▸ **Action item**: All of the records should be restated word for word.

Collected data
· · · · · · ·
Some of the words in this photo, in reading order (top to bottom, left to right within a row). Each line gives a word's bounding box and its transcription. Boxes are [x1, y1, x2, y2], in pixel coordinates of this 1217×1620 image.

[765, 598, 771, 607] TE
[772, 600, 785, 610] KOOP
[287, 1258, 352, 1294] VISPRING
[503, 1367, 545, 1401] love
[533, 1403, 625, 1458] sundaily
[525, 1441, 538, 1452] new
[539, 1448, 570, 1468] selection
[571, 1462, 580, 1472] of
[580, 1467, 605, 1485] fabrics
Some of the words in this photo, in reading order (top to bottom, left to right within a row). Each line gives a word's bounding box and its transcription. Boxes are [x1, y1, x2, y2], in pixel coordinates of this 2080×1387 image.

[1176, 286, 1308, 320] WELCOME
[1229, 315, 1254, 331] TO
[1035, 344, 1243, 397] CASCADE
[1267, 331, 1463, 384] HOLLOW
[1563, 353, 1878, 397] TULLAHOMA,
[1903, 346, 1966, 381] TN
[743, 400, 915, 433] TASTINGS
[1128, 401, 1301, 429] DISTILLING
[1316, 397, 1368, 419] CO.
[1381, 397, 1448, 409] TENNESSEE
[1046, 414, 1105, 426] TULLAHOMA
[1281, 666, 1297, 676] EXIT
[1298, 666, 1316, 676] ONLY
· · · · · · ·
▸ **Answer to this problem**:
Some of the words in this photo, in reading order (top to bottom, left to right within a row). Each line gives a word's bounding box and its transcription. Boxes are [x1, y1, x2, y2], in pixel coordinates of this 1217×1620 image.

[765, 598, 771, 607] TE
[772, 600, 785, 610] KOOP
[287, 1258, 352, 1294] VISPRING
[503, 1367, 545, 1401] love
[533, 1403, 625, 1458] sundaily
[525, 1441, 538, 1452] new
[539, 1448, 570, 1468] selection
[571, 1462, 580, 1472] of
[580, 1467, 605, 1485] fabrics
Some of the words in this photo, in reading order (top to bottom, left to right within a row). Each line gives a word's bounding box and its transcription. Boxes are [x1, y1, x2, y2], in pixel coordinates of this 2080×1387 image.

[1176, 286, 1308, 320] WELCOME
[1229, 315, 1254, 331] TO
[1035, 344, 1243, 397] CASCADE
[1267, 331, 1463, 384] HOLLOW
[1563, 353, 1878, 397] TULLAHOMA,
[1903, 346, 1966, 381] TN
[743, 400, 915, 433] TASTINGS
[1128, 401, 1301, 429] DISTILLING
[1316, 397, 1368, 419] CO.
[1381, 397, 1448, 409] TENNESSEE
[1046, 414, 1105, 426] TULLAHOMA
[1281, 666, 1297, 676] EXIT
[1298, 666, 1316, 676] ONLY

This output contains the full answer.